### TASK REQUIREMENTS
Word for word, write out all of the data below.

─── SUPPLIED ENTRIES ───

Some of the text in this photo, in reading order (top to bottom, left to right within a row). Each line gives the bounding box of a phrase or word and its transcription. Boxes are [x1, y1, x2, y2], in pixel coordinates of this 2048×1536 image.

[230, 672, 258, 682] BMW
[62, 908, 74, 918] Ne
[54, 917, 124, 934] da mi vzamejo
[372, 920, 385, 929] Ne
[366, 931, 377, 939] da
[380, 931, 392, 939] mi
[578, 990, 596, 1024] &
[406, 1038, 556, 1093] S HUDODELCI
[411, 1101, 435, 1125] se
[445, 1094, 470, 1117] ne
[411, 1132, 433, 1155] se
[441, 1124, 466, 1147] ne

───

### EXERCISE RESPONSE
Some of the text in this photo, in reading order (top to bottom, left to right within a row). Each line gives the bounding box of a phrase or word and its transcription. Boxes are [x1, y1, x2, y2], in pixel coordinates of this 2048×1536 image.

[230, 672, 258, 682] BMW
[62, 908, 74, 918] Ne
[54, 917, 124, 934] da mi vzamejo
[372, 920, 385, 929] Ne
[366, 931, 377, 939] da
[380, 931, 392, 939] mi
[578, 990, 596, 1024] &
[406, 1038, 556, 1093] S HUDODELCI
[411, 1101, 435, 1125] se
[445, 1094, 470, 1117] ne
[411, 1132, 433, 1155] se
[441, 1124, 466, 1147] ne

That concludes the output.